# EXERCISE DETAILS:
Copy all the entries below exactly, but not the pictures.

# SOURCE DATA:
• • •
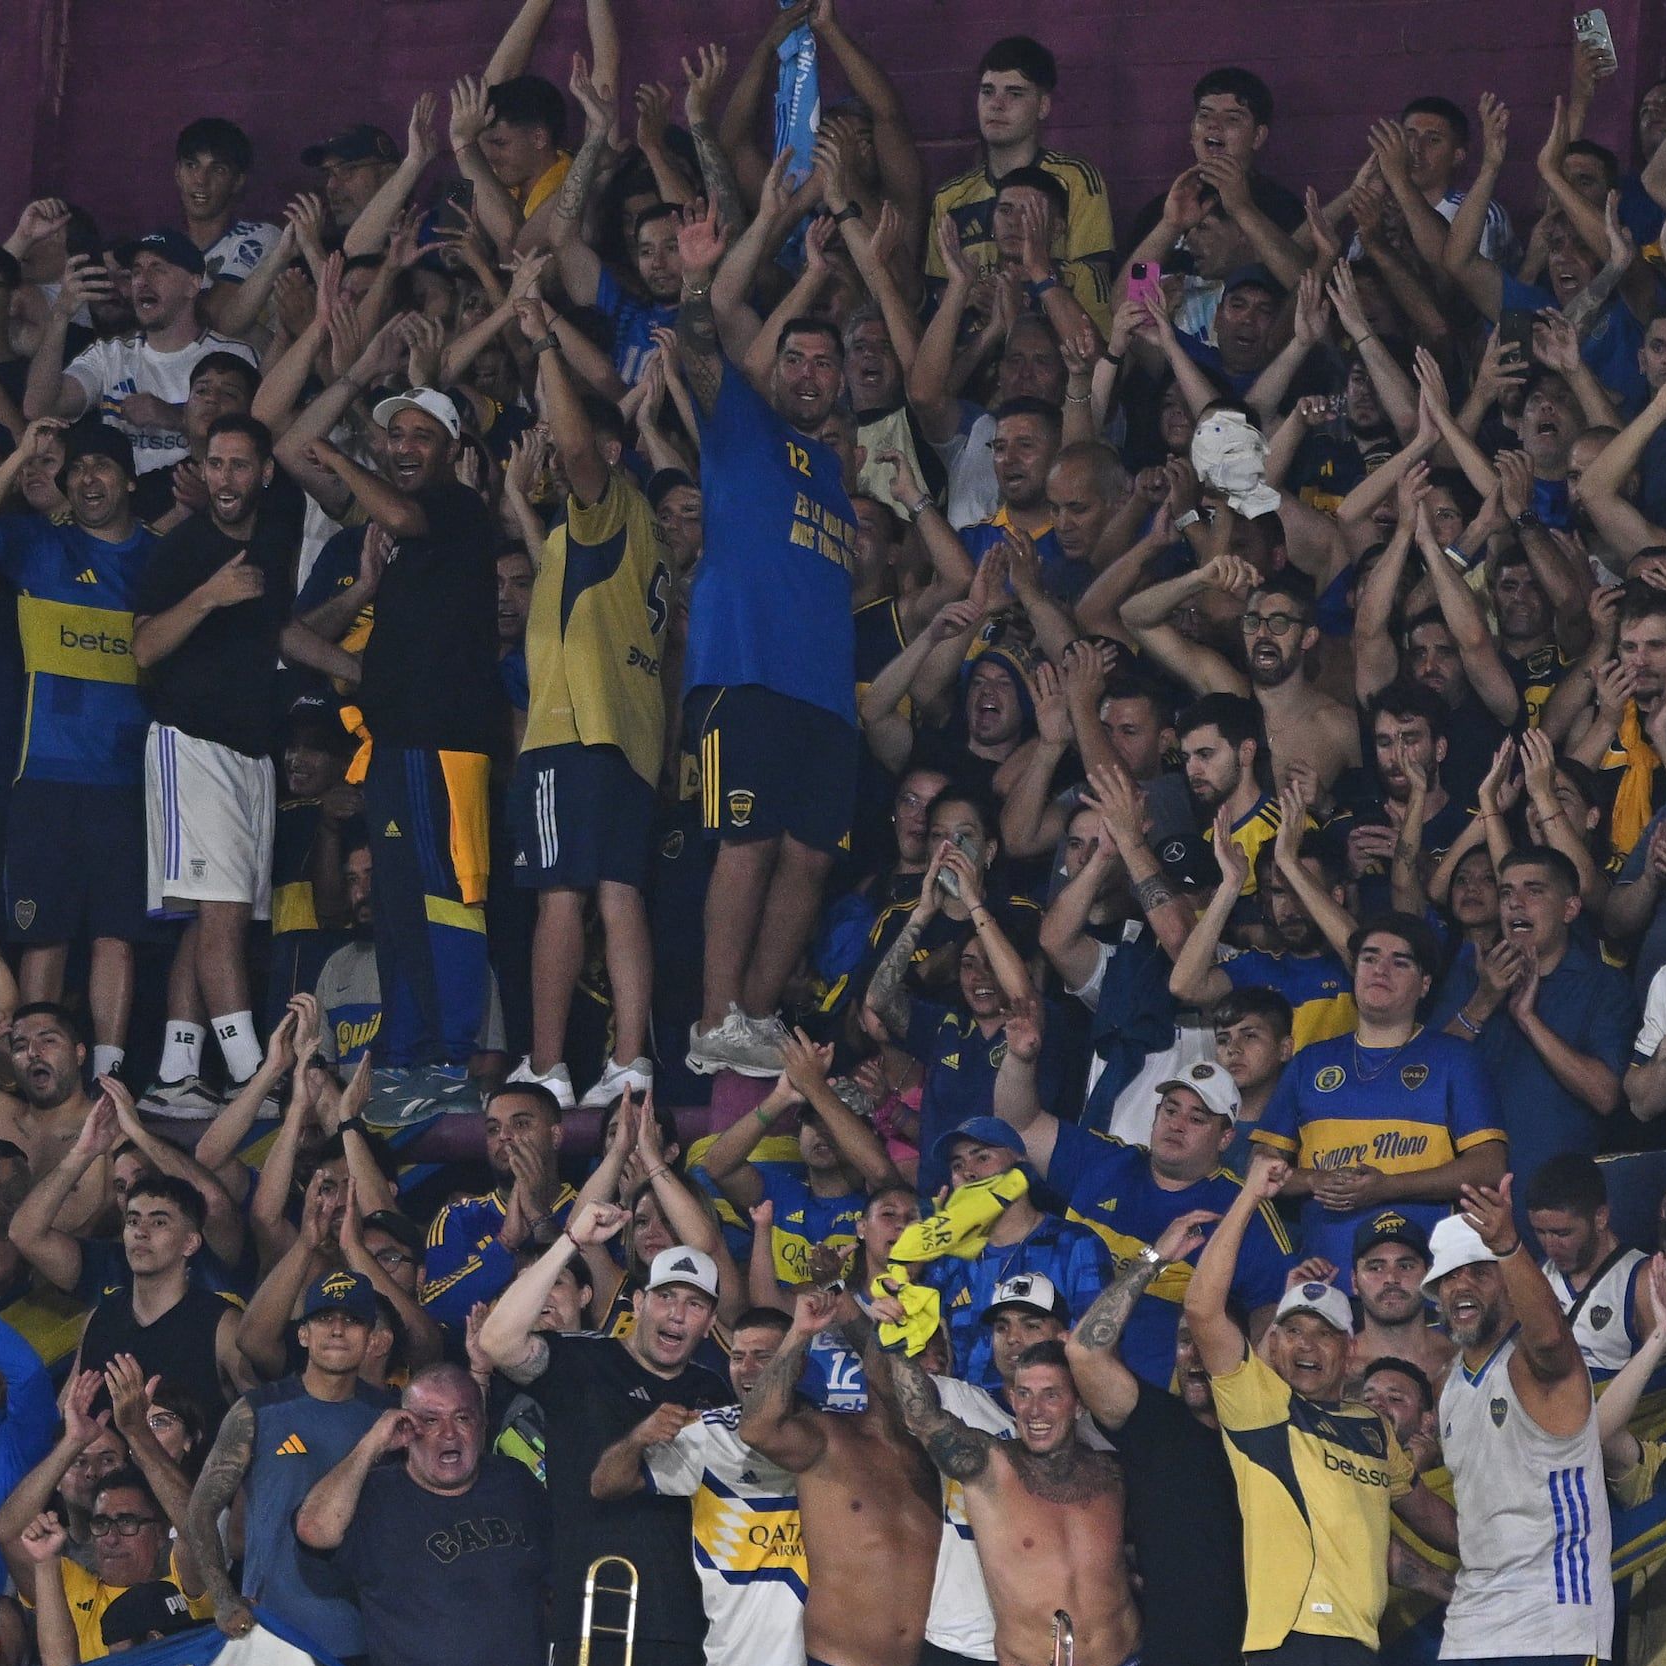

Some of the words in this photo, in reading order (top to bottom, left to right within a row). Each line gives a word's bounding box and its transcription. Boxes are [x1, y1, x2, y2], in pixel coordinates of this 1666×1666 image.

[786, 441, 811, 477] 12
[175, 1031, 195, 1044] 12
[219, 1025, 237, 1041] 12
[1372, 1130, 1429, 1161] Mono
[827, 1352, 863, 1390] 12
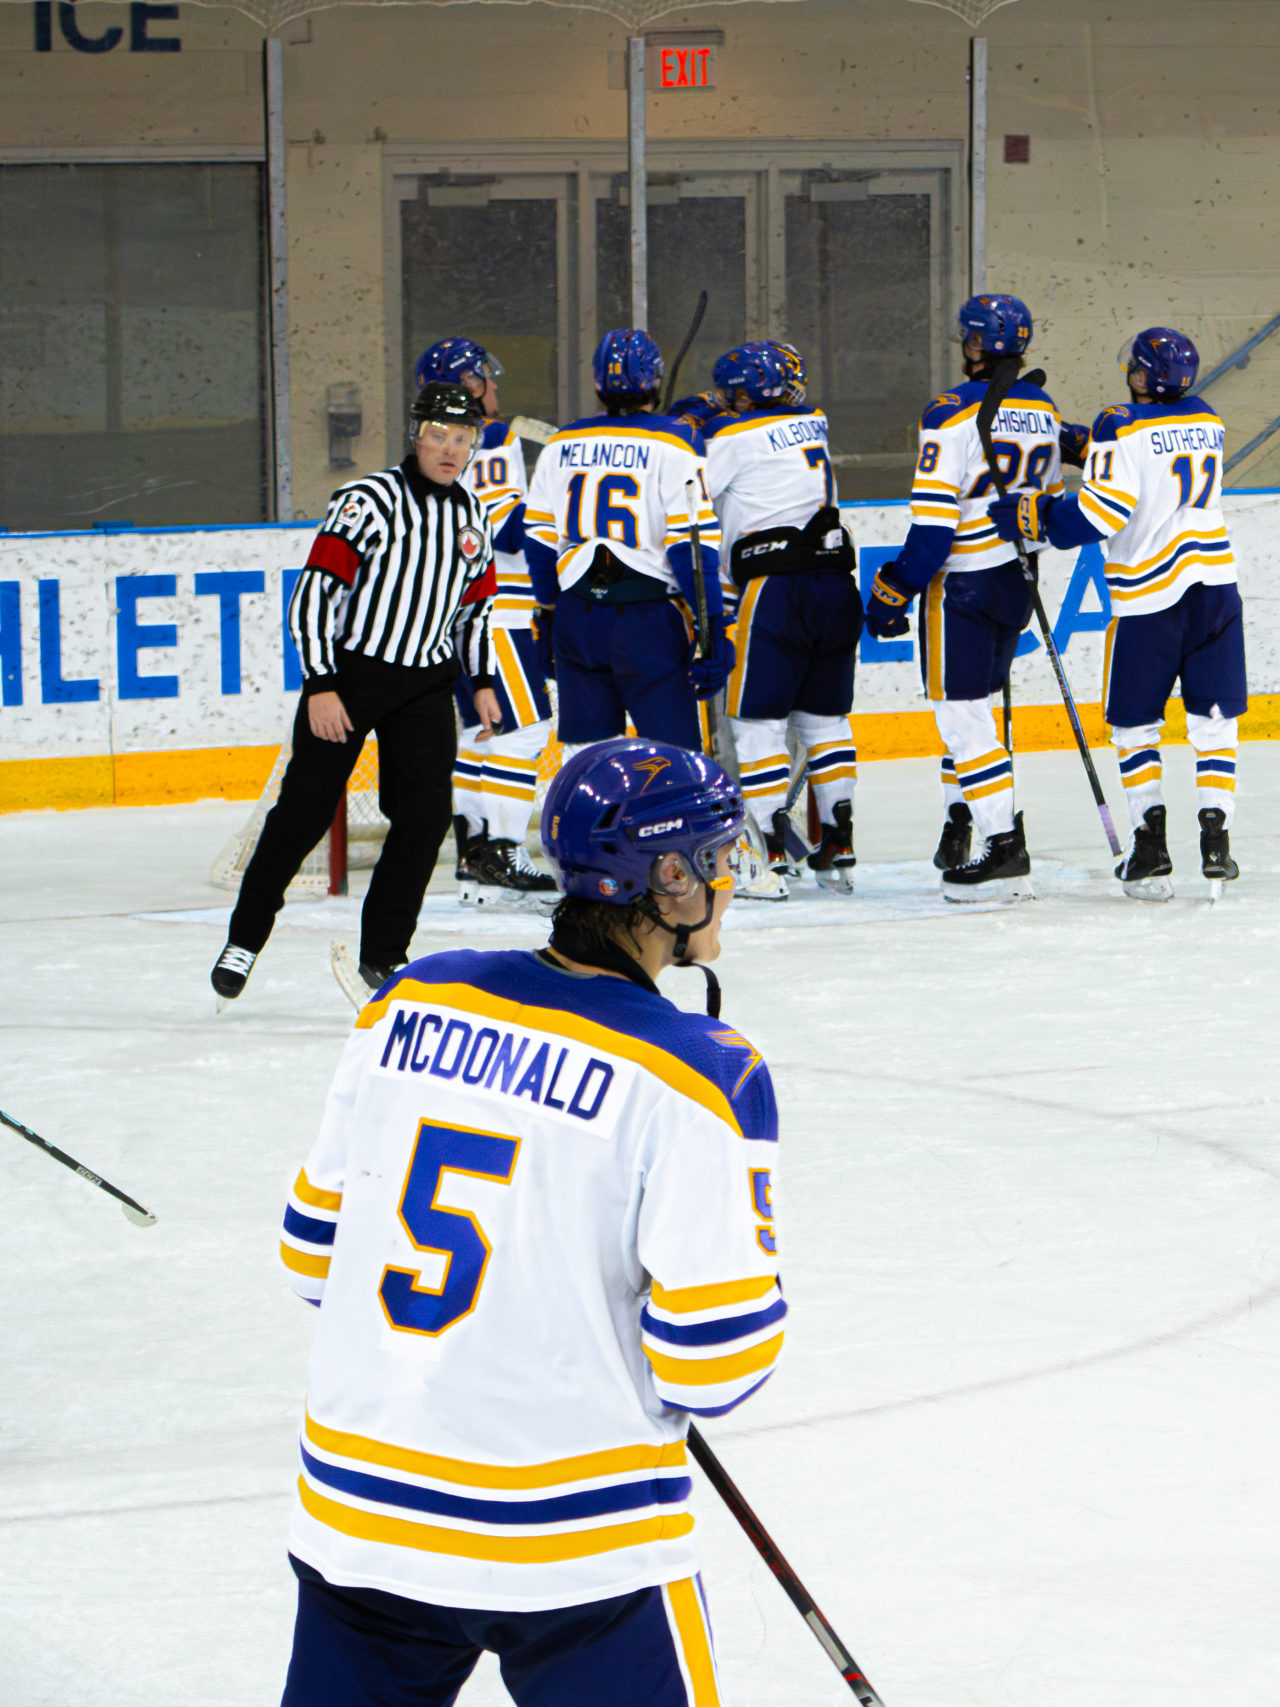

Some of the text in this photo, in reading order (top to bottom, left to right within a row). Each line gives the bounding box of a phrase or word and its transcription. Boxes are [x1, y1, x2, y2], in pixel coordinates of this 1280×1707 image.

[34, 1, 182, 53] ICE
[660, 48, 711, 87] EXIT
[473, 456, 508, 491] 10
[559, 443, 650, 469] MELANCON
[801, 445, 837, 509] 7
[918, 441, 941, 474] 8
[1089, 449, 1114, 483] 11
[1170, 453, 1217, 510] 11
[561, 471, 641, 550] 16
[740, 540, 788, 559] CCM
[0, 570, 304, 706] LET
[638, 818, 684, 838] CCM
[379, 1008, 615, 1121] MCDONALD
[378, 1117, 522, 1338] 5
• • •
# ANSWER TO THIS TASK:
Some of the words in this photo, in reading order (top to bottom, left to right within a row). Each line gives a word's bounding box and its transcription. Boxes are [x1, y1, x2, y2], in pixel coordinates of this 1666×1666 image.

[786, 441, 811, 477] 12
[175, 1031, 195, 1044] 12
[219, 1025, 237, 1041] 12
[1372, 1130, 1429, 1161] Mono
[827, 1352, 863, 1390] 12

Some of the text in this photo, in reading order (top to bottom, left to right within a row). Each line gives the bounding box of a phrase or word and its transcription. Boxes are [x1, y1, x2, y2], in pixel coordinates of this 1280×1707 image.

[34, 1, 182, 53] ICE
[660, 48, 711, 87] EXIT
[473, 456, 508, 491] 10
[559, 443, 650, 469] MELANCON
[801, 445, 837, 509] 7
[918, 441, 941, 474] 8
[1089, 449, 1114, 483] 11
[1170, 453, 1217, 510] 11
[561, 471, 641, 550] 16
[740, 540, 788, 559] CCM
[0, 570, 304, 706] LET
[638, 818, 684, 838] CCM
[379, 1008, 615, 1121] MCDONALD
[378, 1117, 522, 1338] 5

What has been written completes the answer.